After a series of devastating hurricanes, coastal storms and blizzards, Gov. Cuomo promised to install a network of weather stations that will give New Yorkers early warning when disaster is about to strike.
The $23 million network, called a "mesonet," will consist of 125 weather observation towers strategically installed across the state. The system is already partially up and running, but it is not clear the network can predict approaching storms any better than the National Weather Service already does.
"The mesonet system really is designed not [as] a predictive tool," said Kevin Wisely, Director of the NYS Emergency Management Office. "It is a tool that is going to provide current weather conditions."
According to Wisely, the mesonet is not substitute for the National Weather Service. Indeed, mesonet data must be crunched by NWS computers. He also said the mesonet should not be thought of as an early warning system.
"It's a 'today’ system," Wisely said. "The mesonet is measuring the weather that is occurring in a particular area."
But in his 2014 State of the State Address, Cuomo suggested the mesonet would provide early storm warnings superior to National Weather Service forecasts.
"Early detection will literally save lives and we haven't been getting the correct information early enough," he said.
Local
Later that year, after a snowstorm hobbled western New York, Cuomo again questioned NWS forecasts.
"The weather service was off," he told reporters. "We're putting in our own weather detection system."
Research on the forecasting impact of mesonets is scant.
A 2013 study co-authored by David Stensrud, now a Penn State professor of meteorology, found the impact of mesonet data is “largely undetermined.”
A 2010 study co-authored by Stanley Benjamin of the National Oceanic and Atmospheric Administration, concluded mesonet observations “add little or no impact to 3 or 6-hour lower tropospheric wind forecasts.” Another analysis co-authored by Benjamin looked at the value of mesonet observations on temperature forecasts.” He found “they added very little.”
Despite a lack of proof showing mesonets help with forecasting, meteorologists seem to agree the state-run weather networks can be useful in so-called “now-casting,” providing real-time information about severe weather happening right now.
Dr. David Robinson, the New Jersey state climatologist, said now-casting can be essential when emergency managers are trying to figure out what regions of a county might be getting pounded by the worst conditions at any given moment.
“You can follow a squall line across New York state, seeing it come in from the west, see the speed it’s moving, see the intensity of the winds, see the magnitude of the rainfall,” Robinson said. “That will allow people to prepare to get out of harm’s way.”

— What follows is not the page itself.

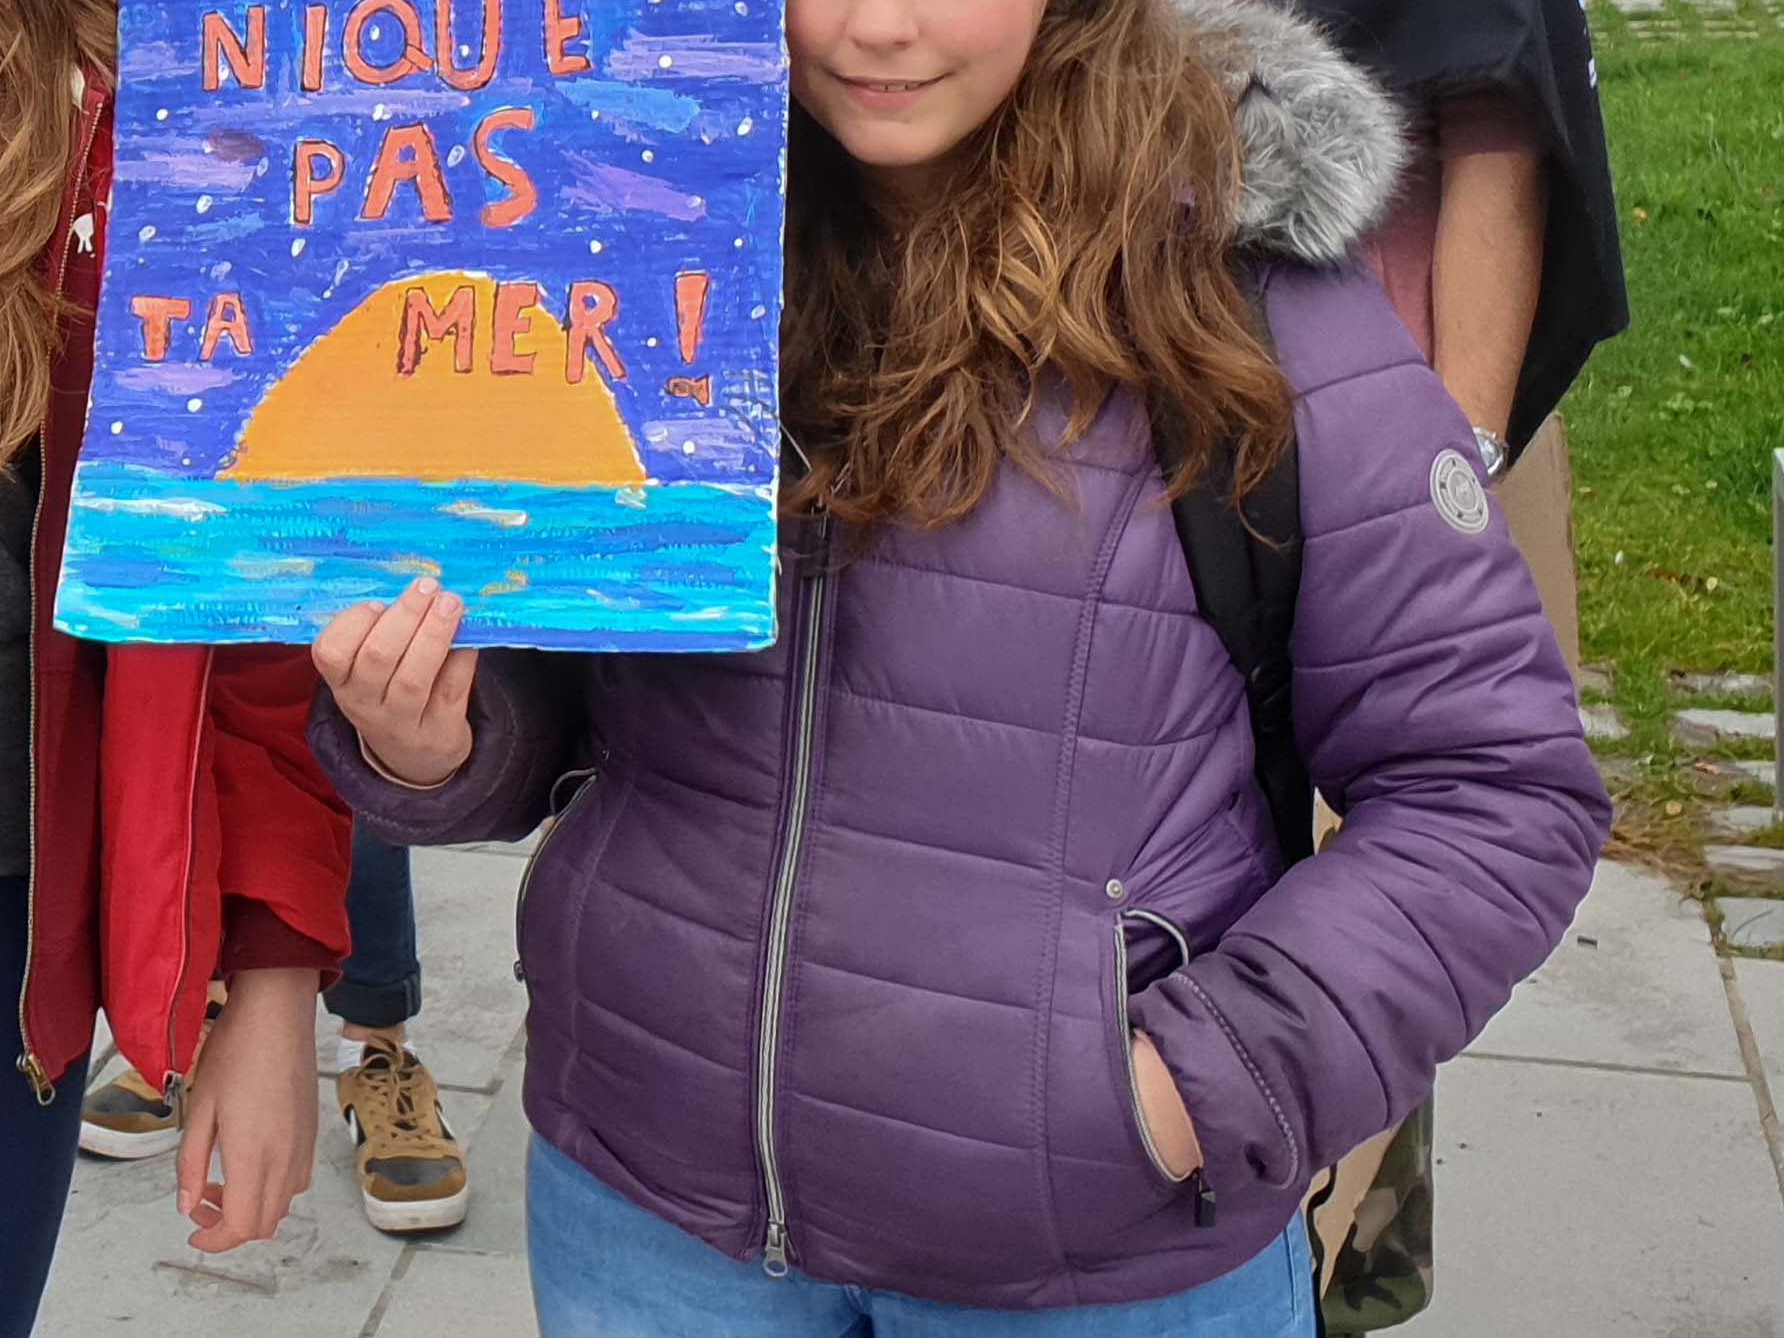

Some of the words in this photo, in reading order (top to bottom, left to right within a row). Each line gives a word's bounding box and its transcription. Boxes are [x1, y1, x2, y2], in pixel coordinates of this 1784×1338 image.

Even Stensrud and Benjamin, the researchers who found mesonets have little impact on forecasting, told the I-Team they believe Oklahoma’s mesonet has yielded positive value.
“Is [the mesonet] going to make a difference on a hurricane in Virginia? I don’t know. The most likely answer is probably not,” Stensrud said. “But if you talk to forecasters in the National Weather Service, they’ll tell you they use the mesonet in Oklahoma a lot and are convinced it does help them provide accurate warnings to the public.”
“There could be effects on very short-range 30-minute forecasts,” Benjamin said. “It’s going to make a difference in localized storms and localized parts of larger storms."
The Federal Emergency Management Agency is funding the entire cost of New York’s mesonet. Currently about 100 of the 125 towers are installed and reporting information to the National Weather Service.
When asked about his previous jabs at the National Weather Service, Cuomo said he considers the agency a partner in the mesonet project.
“I once made the mistake of – not criticizing – but critiquing weather forecasts and their accuracy,” Cuomo said. “I was roundly chastised. So I’ll leave that alone.”